How are publics of protection and care defined in African cities today?
The effects of globalization and neo-liberal policies on urban space are
well documented. From London to São Paulo, denationalization, privatization,
offshoring and cuts in state expenditure are creating enclaves and
exclusions, resulting in fragmented, stratified social geographies (see
Caldeira 2000; Ong 2006; Harvey 2006; Murray 2011). ‘Networked
archipelagoes’, islands connected by transnational circulations of capital,
displace other spatial relations and imaginaries. Spaces of encompassment,
especially, such as ‘the nation’ or simply ‘society’ as defined by inclusion
within a whole, lose practical value and intellectual purchase as referents
of citizenship (Gupta and Ferguson 2002; Ferguson 2005).
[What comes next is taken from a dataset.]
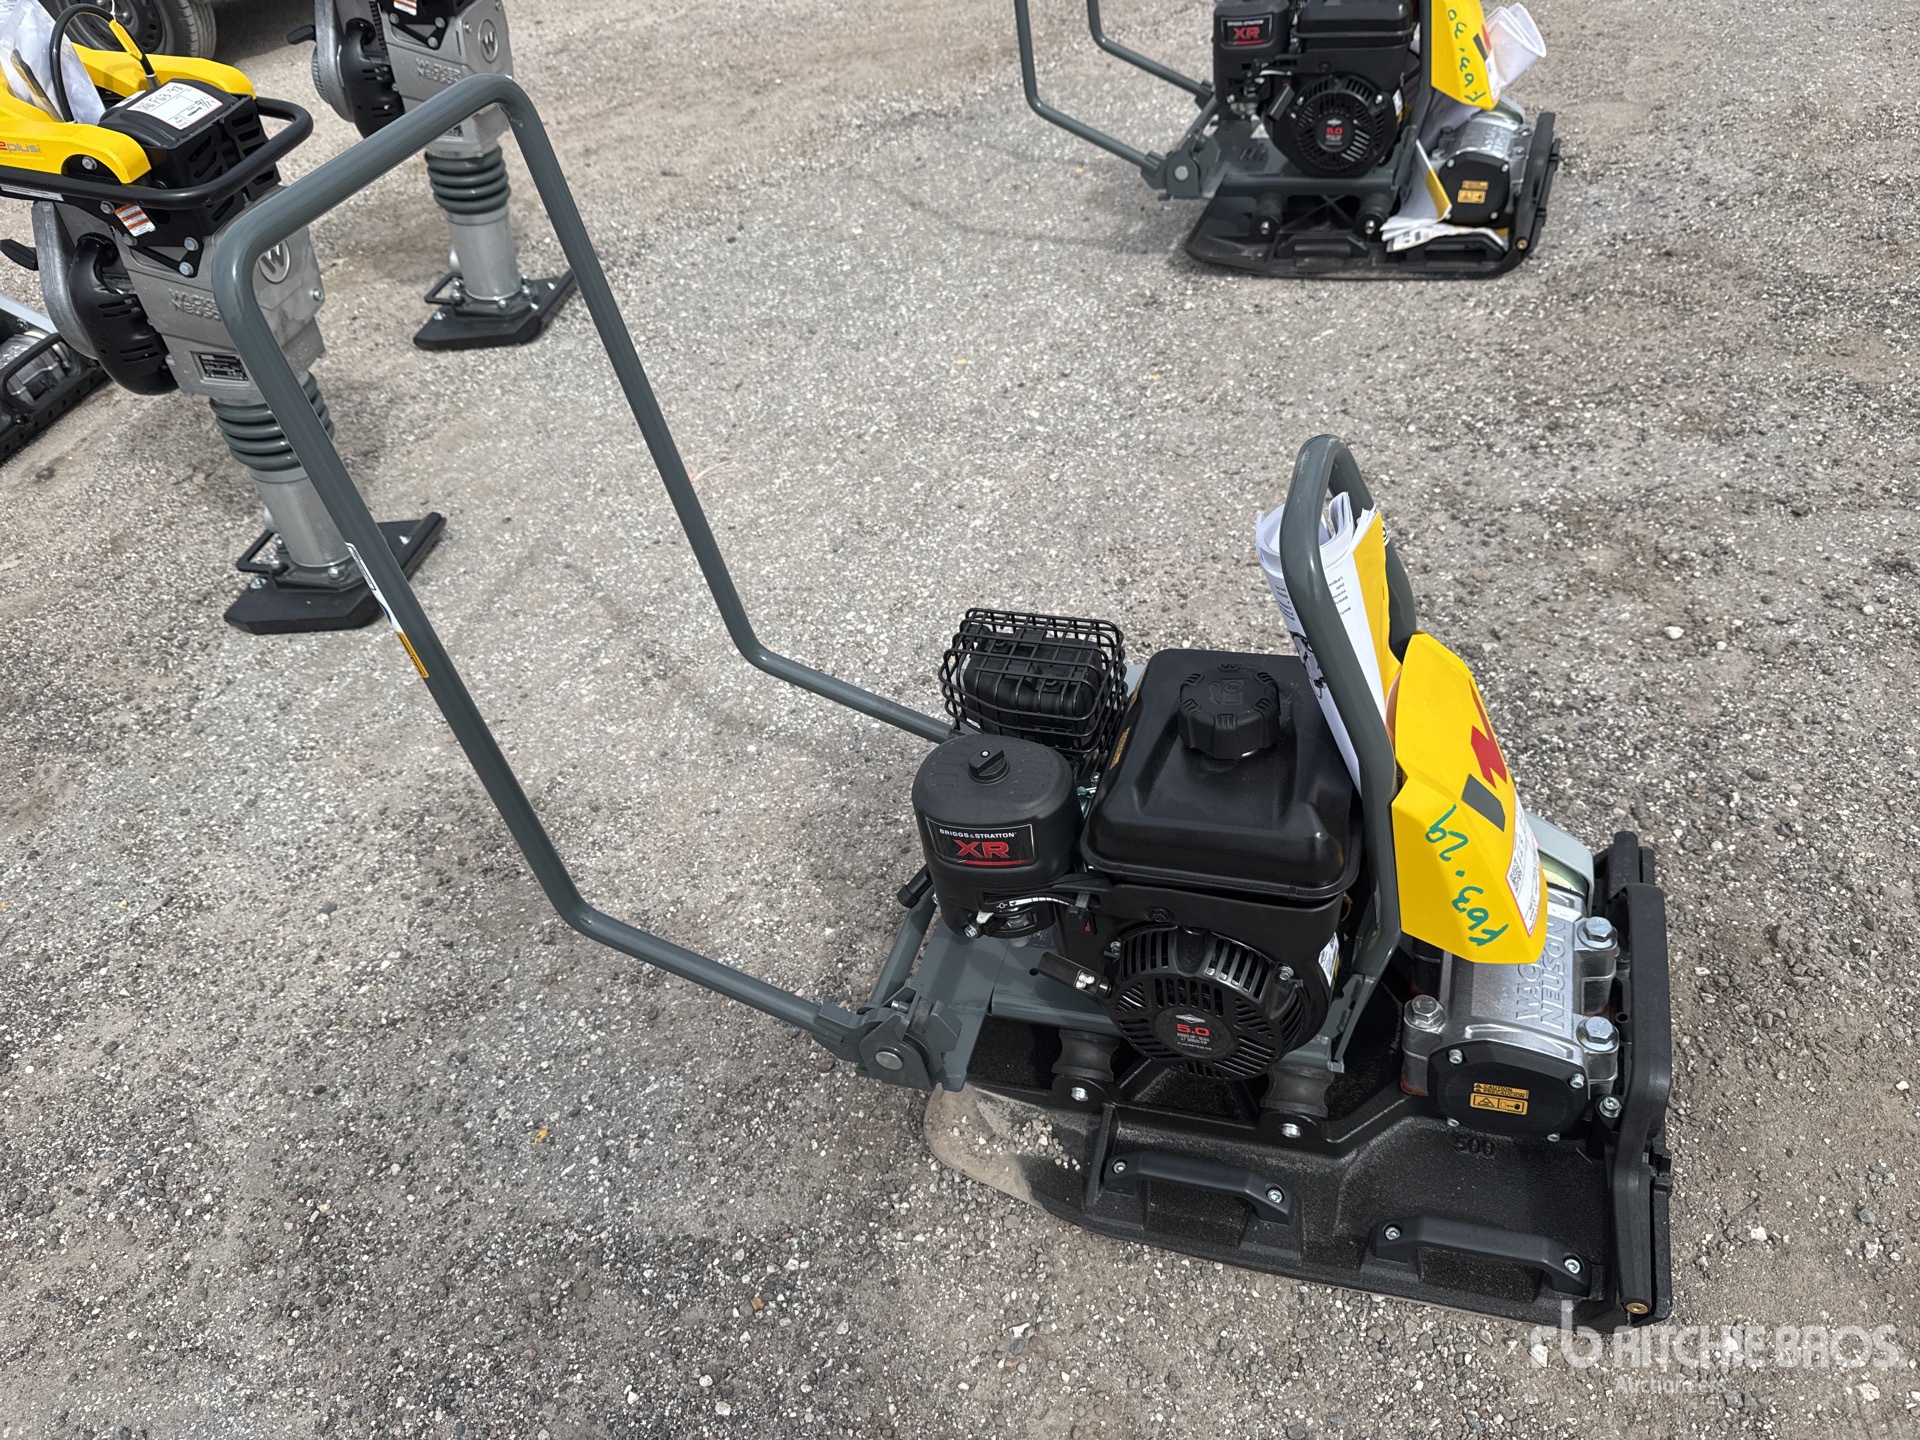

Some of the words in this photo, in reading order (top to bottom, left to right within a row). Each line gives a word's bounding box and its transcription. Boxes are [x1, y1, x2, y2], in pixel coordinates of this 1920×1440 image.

In African cities,
where humanitarian, experimental or market logics dominate the distribution
of sanitation and healthcare, this fragmentation is particularly stark (see,
for example, Redfield 2006, 2012; Fassin 2007; Bredeloup et
al. 2008; Nguyen 2012). Privilege and crisis interrupt
older contiguities, delineating spaces and times of exception. The ‘public’
of health is defined by survival or consumption, obscuring the human as
bearer of civic rights and responsibilities, as inhabitants of ‘objective’
material worlds ‘common to all of us’ (Arendt 1958: 52). Is it possible,
under these conditions, to enact and imagine public health as a project of
citizens, animated in civic space?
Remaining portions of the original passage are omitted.